Optimal consensus control for multi-agent systems: Multi-step policy gradient adaptive dynamic programming method

This paper presents a novel adaptive dynamic programming (ADP) method to solve the optimal consensus problem for a class of discrete-time multi-agent systems with completely unknown dynamics. Different from the classical RL-based optimal control algorithms based on one-step temporal difference method, a multi-step-based (also call n-step) policy gradient ADP (MS-PGADP) algorithm, which have been proved to be more efficient owing to its faster propagation of the reward, is proposed to obtain the iterative control policies.
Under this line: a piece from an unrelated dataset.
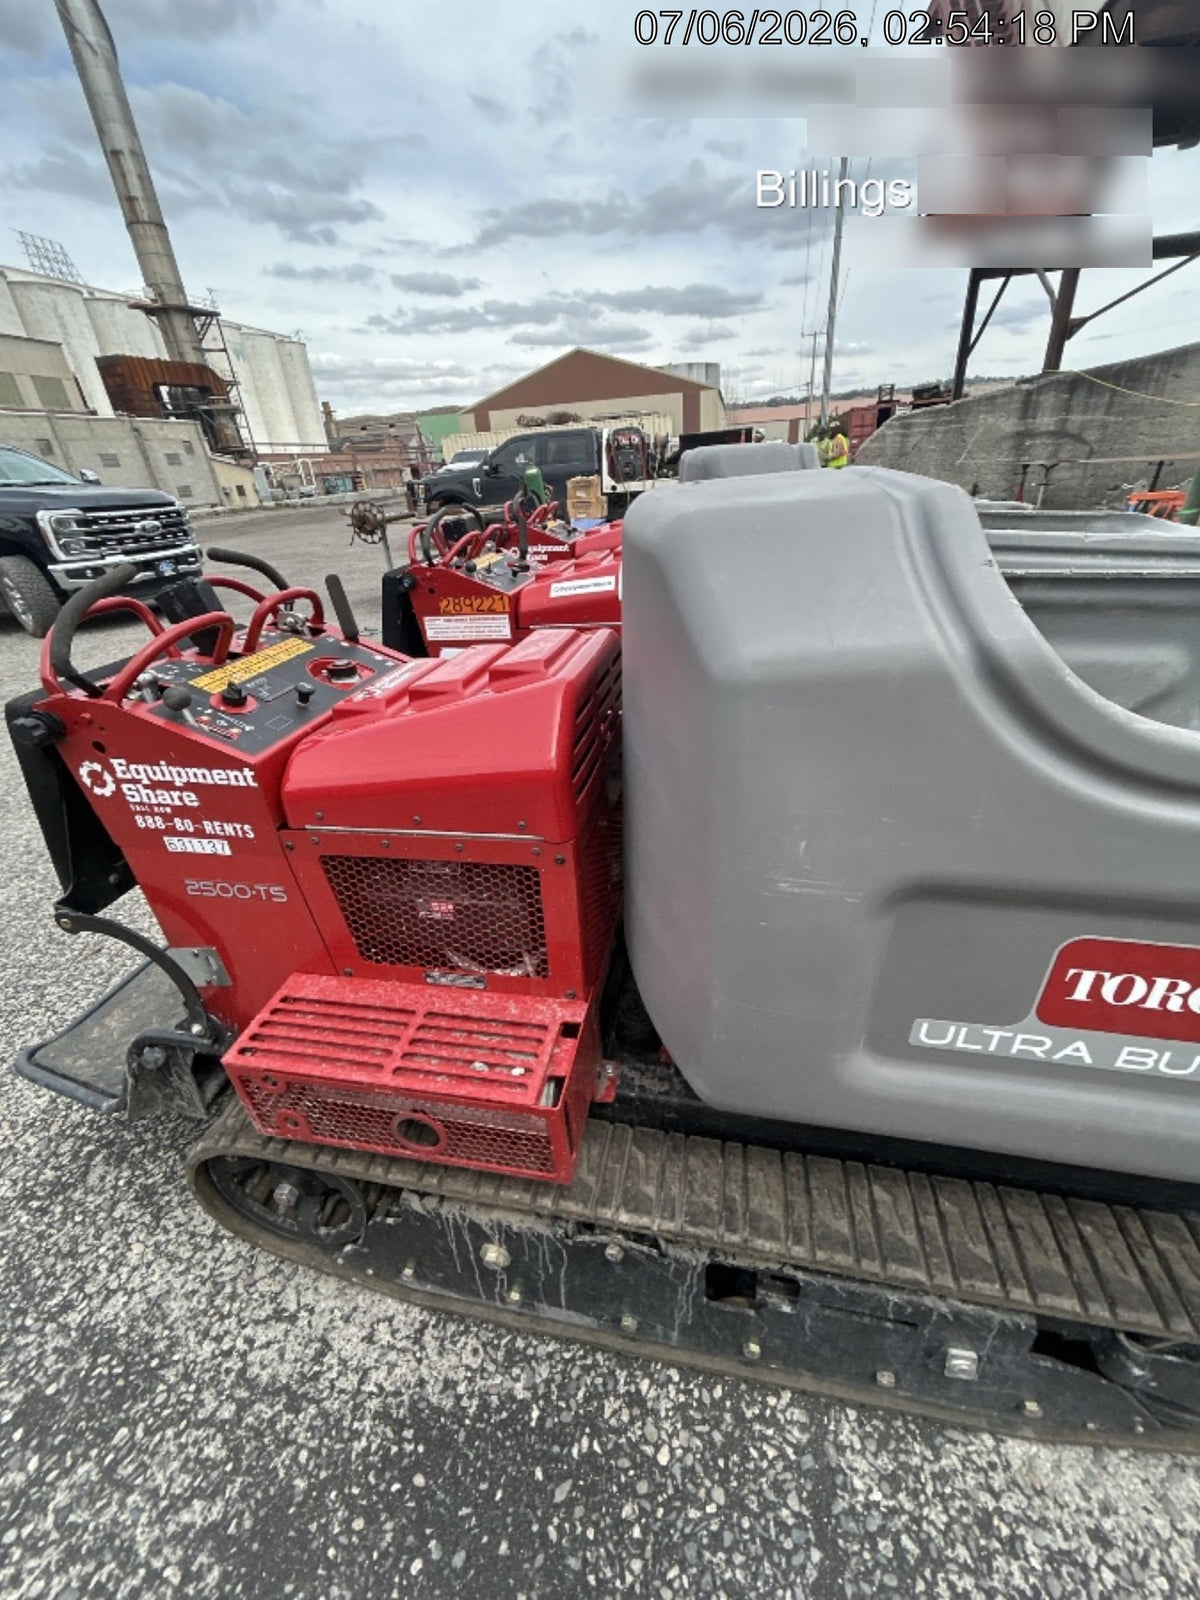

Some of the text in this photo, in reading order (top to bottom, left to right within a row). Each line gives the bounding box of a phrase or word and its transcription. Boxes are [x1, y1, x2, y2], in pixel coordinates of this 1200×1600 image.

Moreover, a novel Q-function is defined, which estimates the performance of performing an action in the current state. Then, through the Lyapunov stability theorem and functional analysis, the proof of optimality of the performance index function is given and the stability of the error system is also proved. Furthermore, the actor-critic neural networks are used to implement the proposed method. Inspired by deep Q network, the target network is also introduced to guarantee the stability of NNs in the process of training. Finally, two simulations are conducted to verify the effectiveness of the proposed algorithm.

Automated summary

This paper proposes a novel adaptive dynamic programming (ADP) method to solve the optimal consensus problem for a class of discrete-time multi-agent systems with completely unknown dynamics. A multi-step-based policy gradient ADP (MS-PGADP) algorithm is introduced, which is more efficient due to its faster reward propagation. A new Q-function is defined to estimate the performance of actions. The proof of optimality and stability of the error system are provided through the Lyapunov stability theorem and functional analysis.